New Zealand socialist and historian (1917–1994)

Herbert Otto Roth (7 December 1917 - 27 May 1994) was a notable New Zealand socialist, labourer, librarian and historian. He was born in Vienna, Austria in 1917. In Austria, he was known as "Otti" but in New Zealand he was known as "Bert".

Roth was the leader of the Red Falcons in Austria. He fled from there to avoid conscription after having sworn an allegiance to Adolf Hitler. He then lived in Grenoble, where he was later imprisoned as an enemy alien. His mother managed to organise a permit for him to emigrate to New Zealand, and he arrived in Wellington in April 1940. He immediately became politically active in left-wing circles, but was forbidden by the Department of Justice to take on official positions, as he was classed as an enemy alien.
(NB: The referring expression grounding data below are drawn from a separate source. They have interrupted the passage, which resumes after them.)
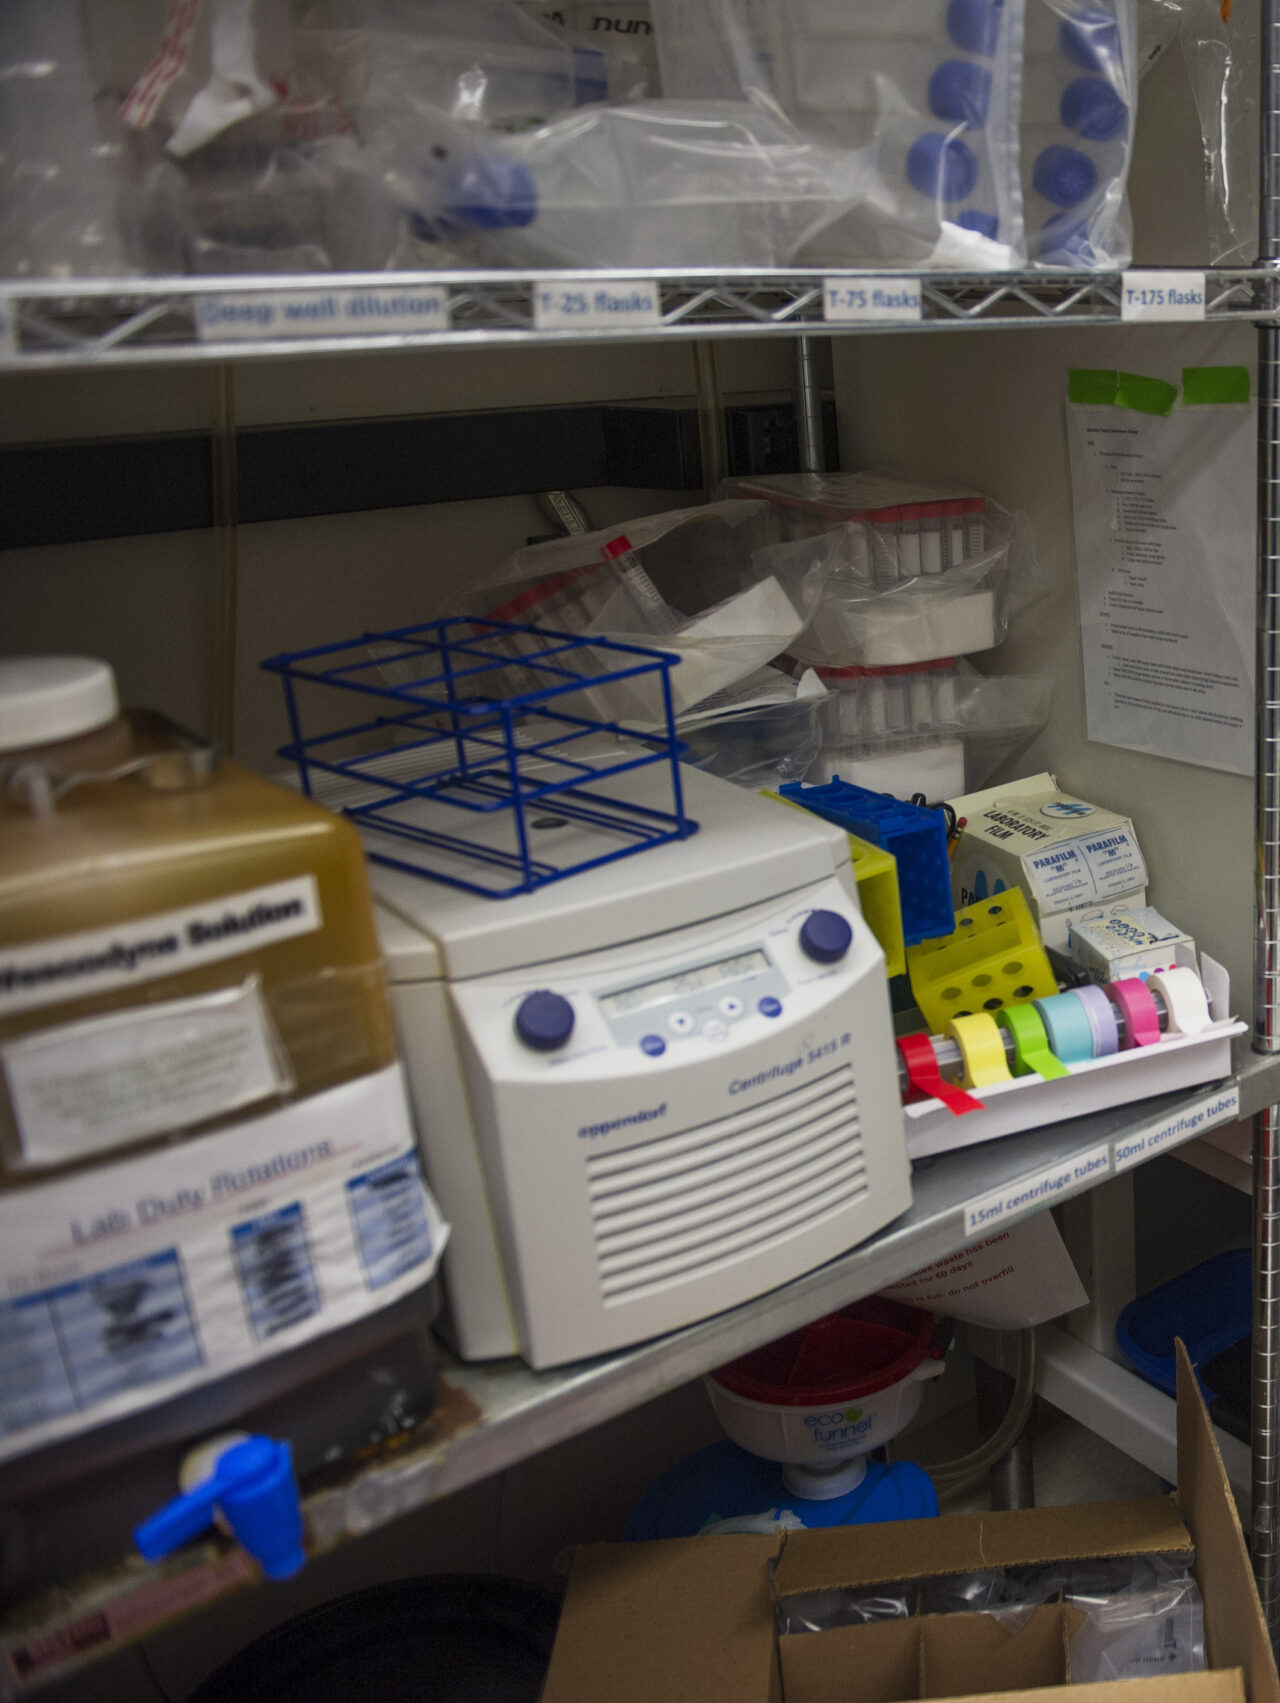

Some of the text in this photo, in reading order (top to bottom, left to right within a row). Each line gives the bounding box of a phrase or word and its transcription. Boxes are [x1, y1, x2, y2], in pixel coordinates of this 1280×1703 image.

[590, 16, 654, 34] nun
[593, 290, 654, 313] flasks
[828, 289, 920, 310] T-75 flasks
[1126, 287, 1203, 306] T-175 flasks
[983, 809, 1051, 841] LABORATORY
[985, 824, 1015, 841] FILM
[1086, 834, 1128, 854] PARAFILM
[1033, 850, 1078, 869] PARAFILM
[729, 1058, 803, 1095] Centrifuge
[578, 1103, 667, 1140] eppendorf
[1116, 1095, 1237, 1162] 50ml centrifuge tubes
[970, 1155, 1107, 1227] 15ml centrifuge tubes
[935, 1231, 1010, 1268] waste has been
[919, 1274, 935, 1285] for
[950, 1259, 974, 1275] days
[948, 1287, 961, 1297] do
[963, 1280, 979, 1292] not
[981, 1265, 1015, 1285] overfill
[803, 1412, 844, 1427] eco
[813, 1415, 872, 1442] funnel
Roth applied for naturalisation in 1944, and was granted citizenship in March 1946.

Roth joined the Air Force and this allowed him to study towards a Bachelor of Arts degree at Victoria University College. After attending the New Zealand Library School, he worked for the National Library Service in Wellington. He was later the president of the New Zealand Library Association. In January 1962, he started work for the University of Auckland Library. He retired in 1983.

He married Margaret (Margot) Frances Hogben on 29 November 1946. She was a journalist, and the granddaughter of George Hogben, the seismologist. Roth's first book was a biography him. After that, Roth mostly wrote about labour history. His most important work is Trade unions in New Zealand past and present, which was published in 1973. He was a major collector of union and labour publications, and his collection is today a major resource for the Alexander Turnbull Library.
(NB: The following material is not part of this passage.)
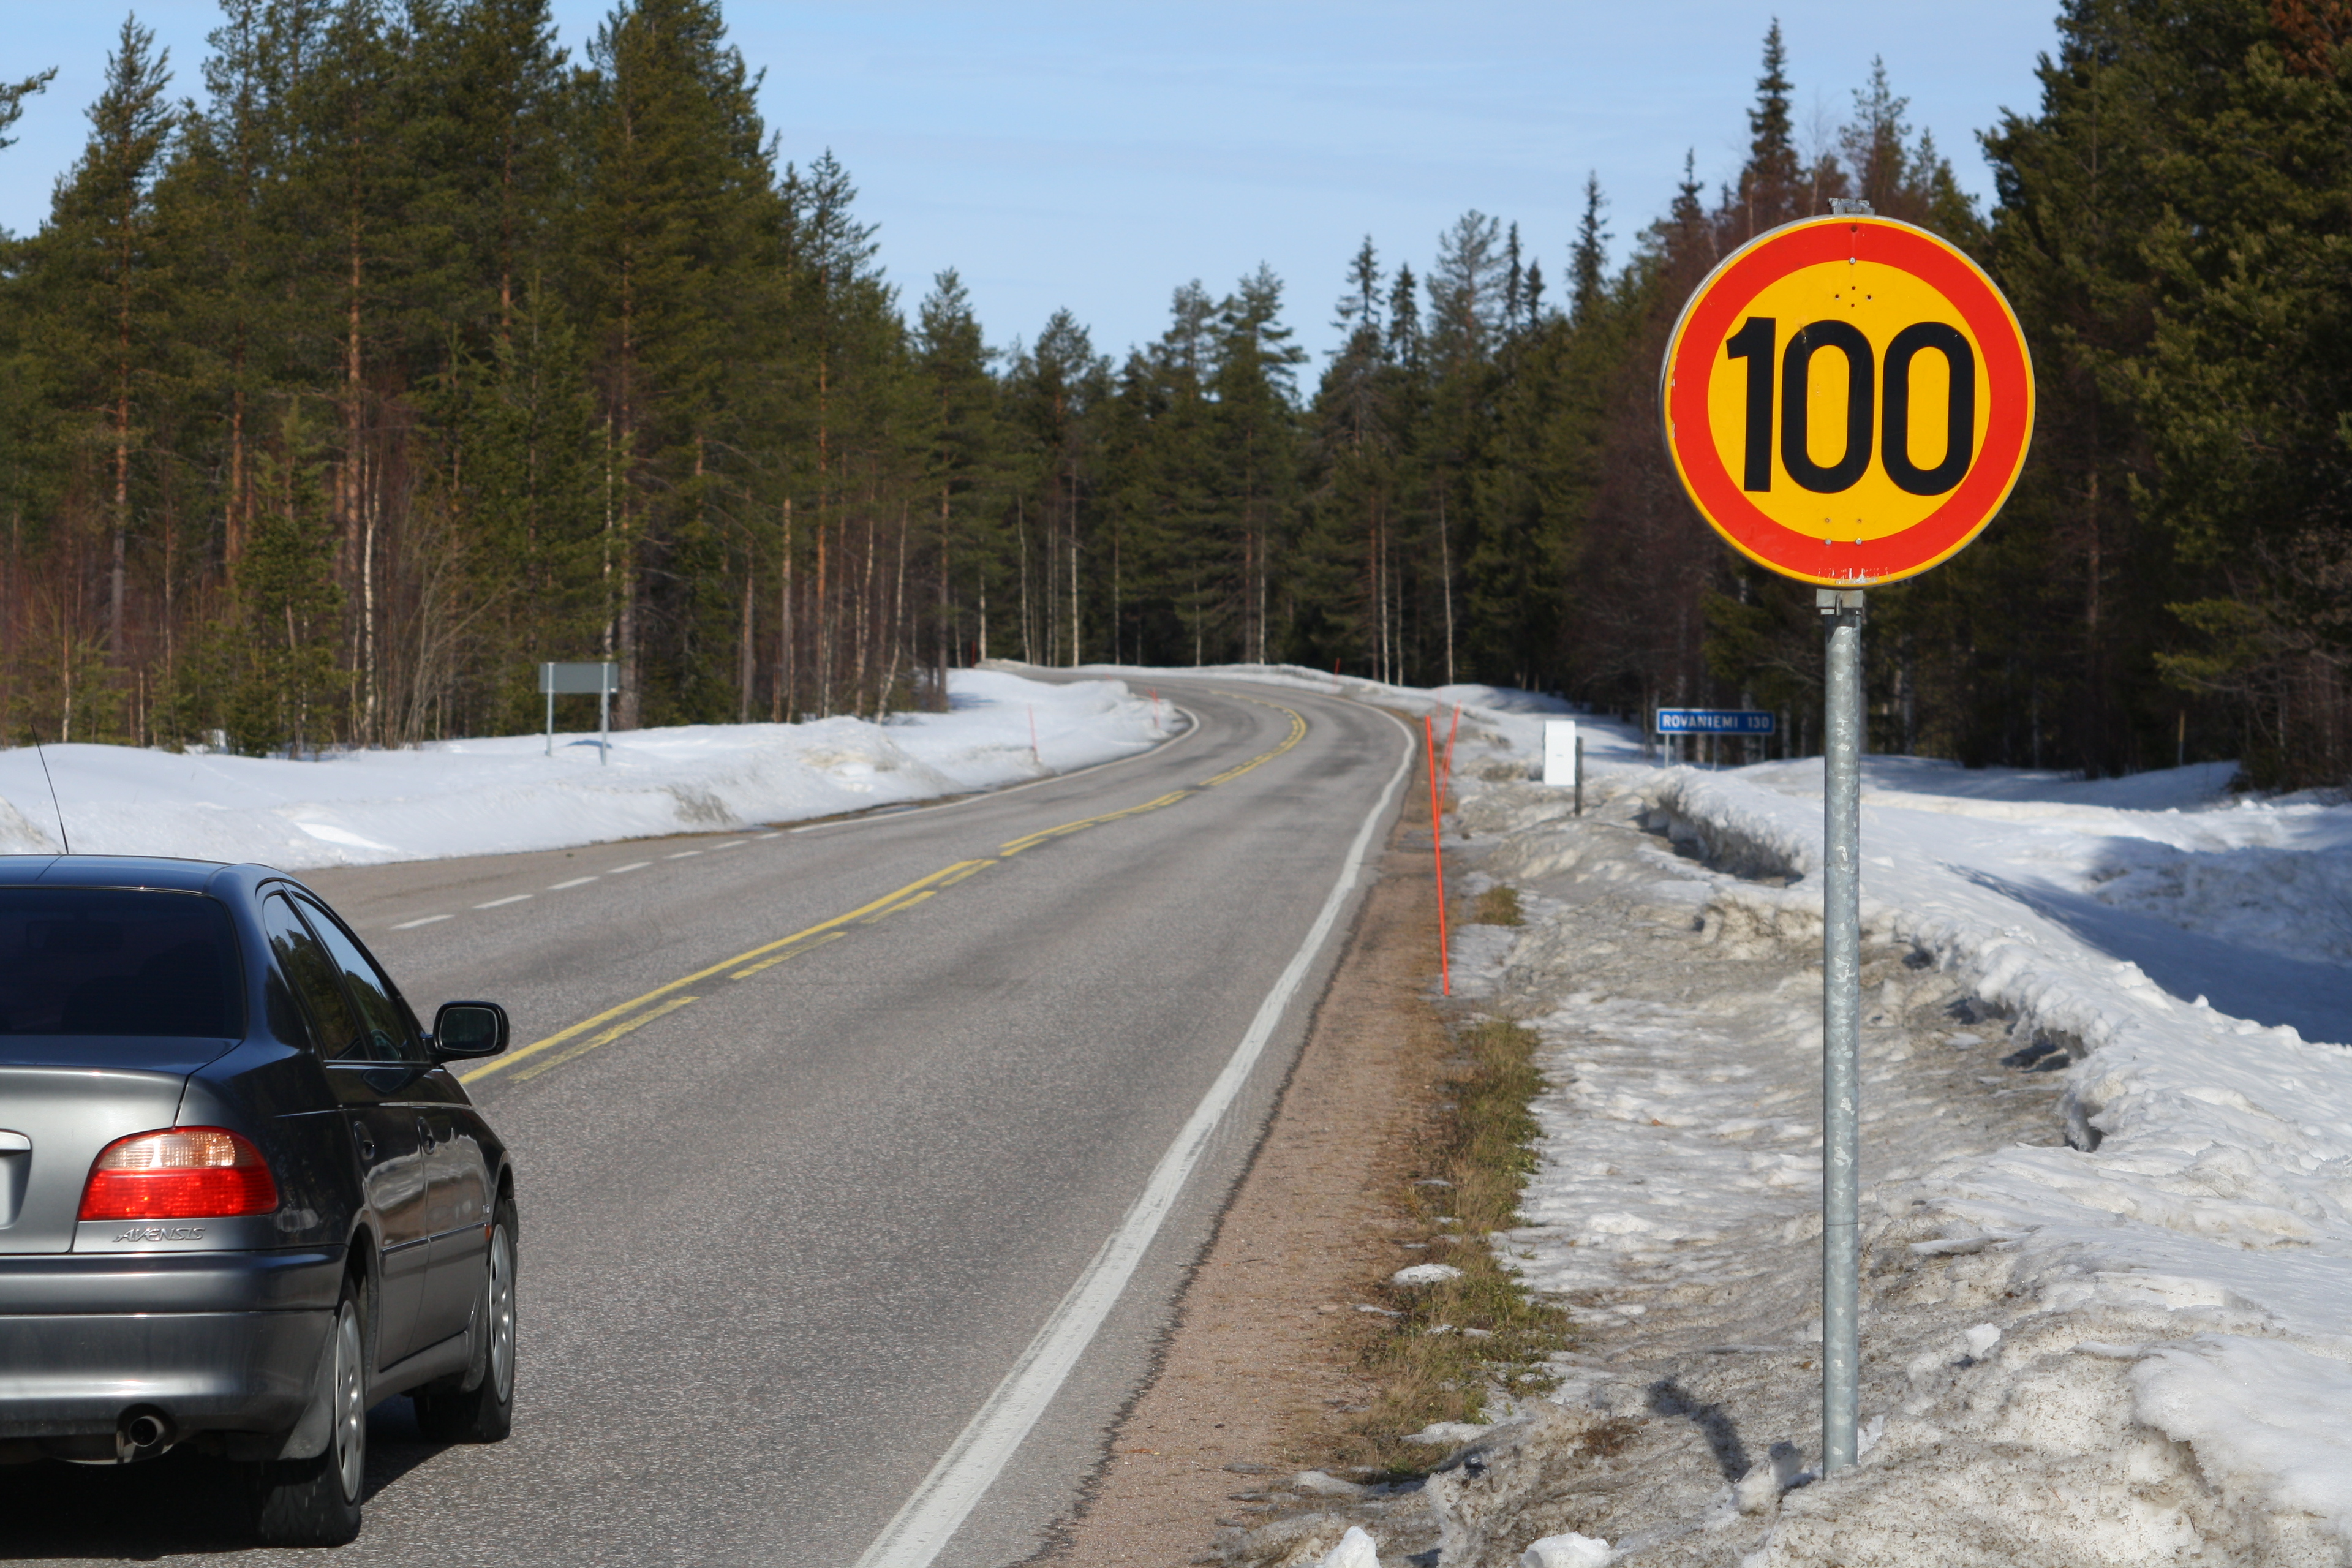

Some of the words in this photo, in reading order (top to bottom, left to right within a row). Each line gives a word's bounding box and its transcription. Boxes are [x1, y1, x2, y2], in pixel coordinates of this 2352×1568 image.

[1725, 317, 1975, 496] 100
[1662, 714, 1738, 728] ROVANIEMI
[1748, 717, 1769, 728] 130
[111, 1227, 205, 1243] AVENSIS
He died at his home in Mount Eden on 27 May 1994. He was survived by his divorced wife, two sons and a daughter.

In recognition of Roth's contribution to labour movement archives and history, the Bert Roth Award for Labour History was created by the Labour History Project in May 2013. It is awarded annually to the best work in the field of labour history published in the previous calendar year.